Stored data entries
========================
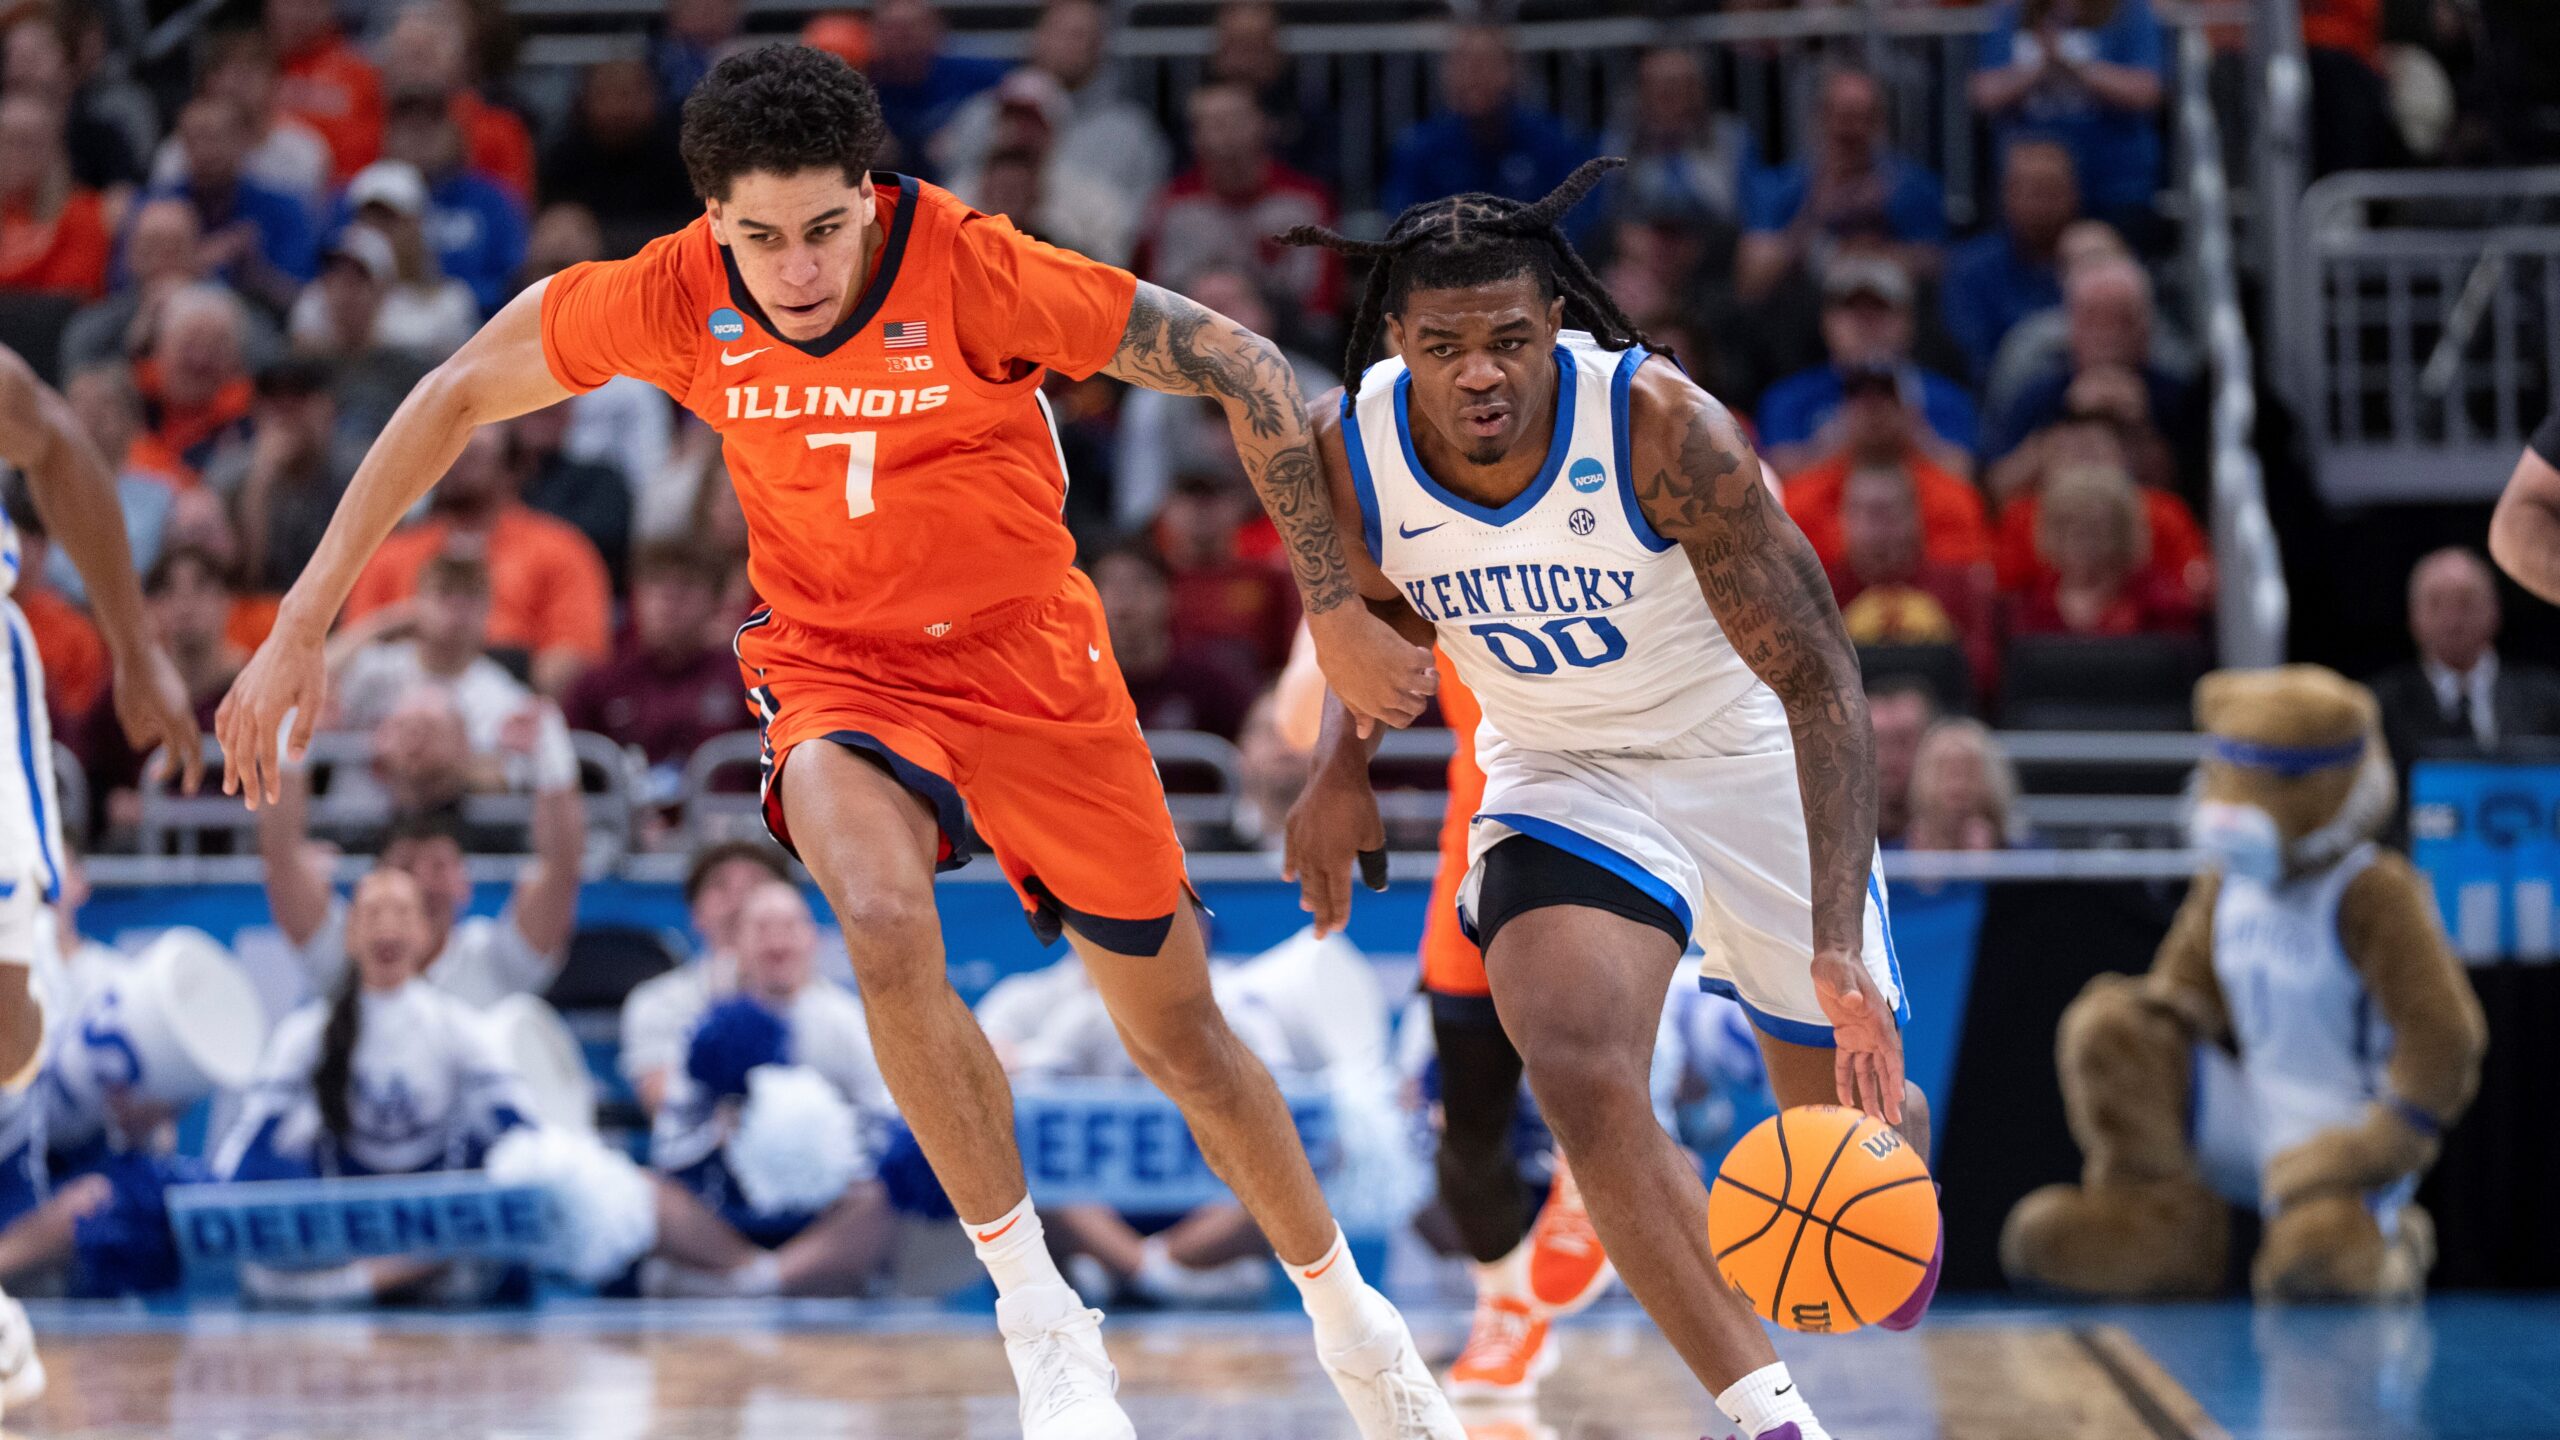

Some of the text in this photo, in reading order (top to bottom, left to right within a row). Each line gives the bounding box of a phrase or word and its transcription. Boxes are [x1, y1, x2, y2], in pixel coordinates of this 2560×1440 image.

[713, 323, 744, 335] NCAA
[725, 384, 950, 419] ILLINOIS
[804, 431, 877, 520] 7
[1574, 472, 1604, 487] NCAA
[1569, 510, 1595, 535] SEC
[1405, 563, 1635, 621] KENTUCKY
[1469, 615, 1628, 675] 00
========================
AIM OF THE EXERCISE
Give back the entries above exactly as they stand. Leave the images out.

SOLUTION TO THIS EXERCISE
Some of the text in this photo, in reading order (top to bottom, left to right within a row). Each line gives the bounding box of a phrase or word and its transcription. Boxes are [x1, y1, x2, y2], in pixel coordinates of this 2560×1440 image.

[713, 323, 744, 335] NCAA
[725, 384, 950, 419] ILLINOIS
[804, 431, 877, 520] 7
[1574, 472, 1604, 487] NCAA
[1569, 510, 1595, 535] SEC
[1405, 563, 1635, 621] KENTUCKY
[1469, 615, 1628, 675] 00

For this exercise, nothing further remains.